* **YOUR INSTRUCTIONS**
Only text is carried over. Reproduce the entries below exactly.

* **EXERCISE INPUT**
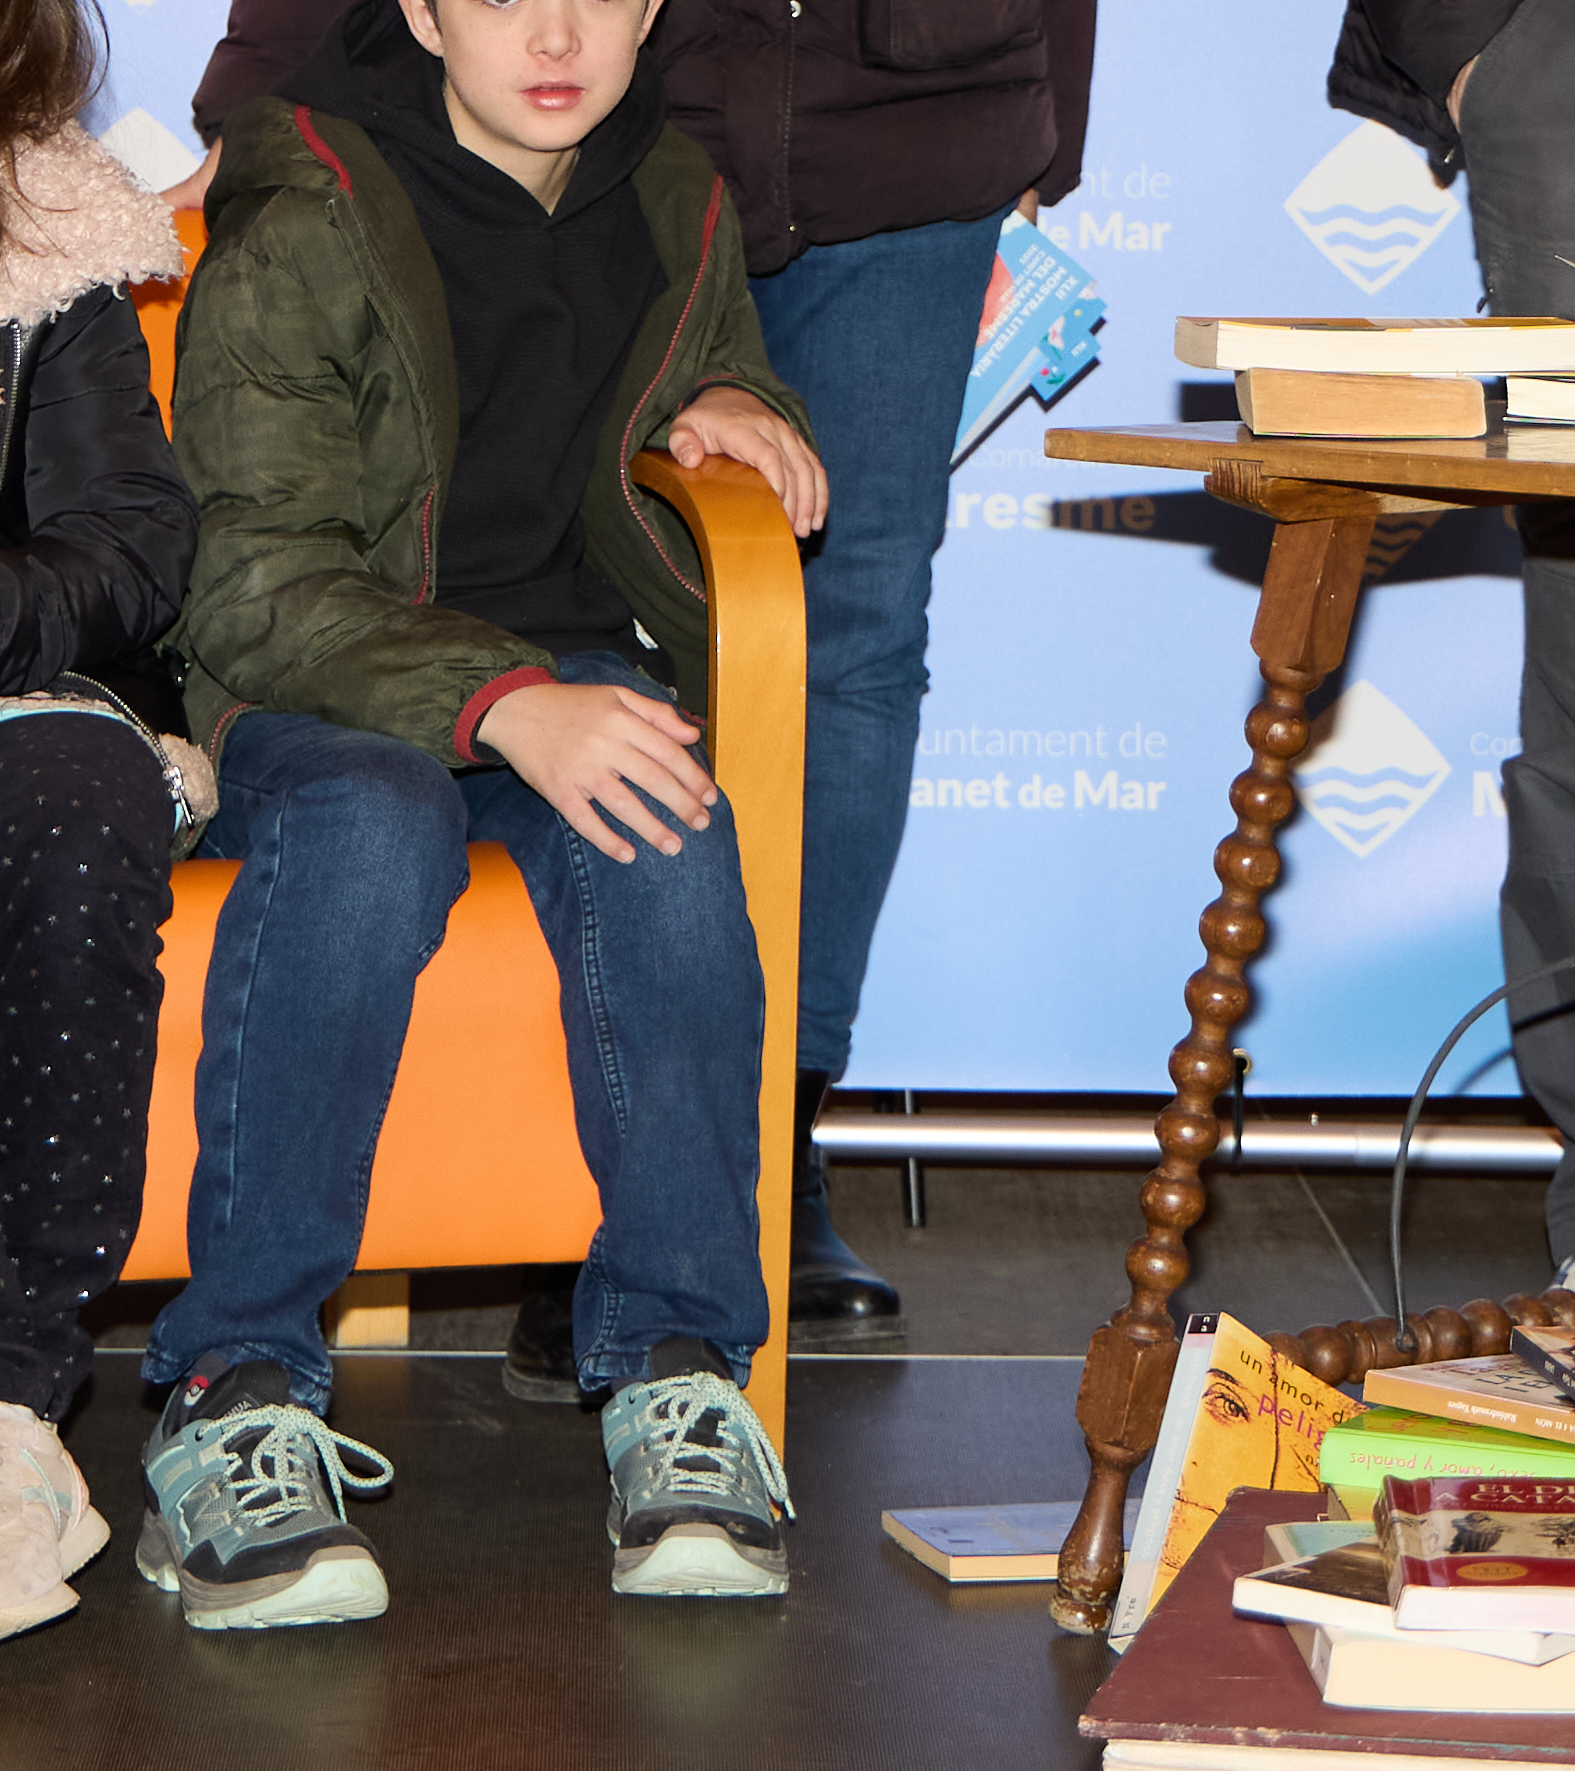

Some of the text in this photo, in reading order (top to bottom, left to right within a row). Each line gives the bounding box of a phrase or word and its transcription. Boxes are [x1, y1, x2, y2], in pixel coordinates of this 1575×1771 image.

[1124, 163, 1172, 199] de
[1078, 211, 1172, 252] Mar
[982, 254, 1056, 339] DEL MARESME
[1018, 264, 1067, 319] MOSTRA
[1118, 722, 1168, 758] de
[909, 770, 1168, 810] anet de Mar
[1241, 1349, 1325, 1413] un amor
[1349, 1451, 1417, 1472] pañales
[1440, 1462, 1483, 1478] amor
[1478, 1483, 1514, 1495] EL

* **RESULT FOR THIS TASK**
Some of the text in this photo, in reading order (top to bottom, left to right within a row). Each line gives the bounding box of a phrase or word and its transcription. Boxes are [x1, y1, x2, y2], in pixel coordinates of this 1575×1771 image.

[1124, 163, 1172, 199] de
[1078, 211, 1172, 252] Mar
[982, 254, 1056, 339] DEL MARESME
[1018, 264, 1067, 319] MOSTRA
[1118, 722, 1168, 758] de
[909, 770, 1168, 810] anet de Mar
[1241, 1349, 1325, 1413] un amor
[1349, 1451, 1417, 1472] pañales
[1440, 1462, 1483, 1478] amor
[1478, 1483, 1514, 1495] EL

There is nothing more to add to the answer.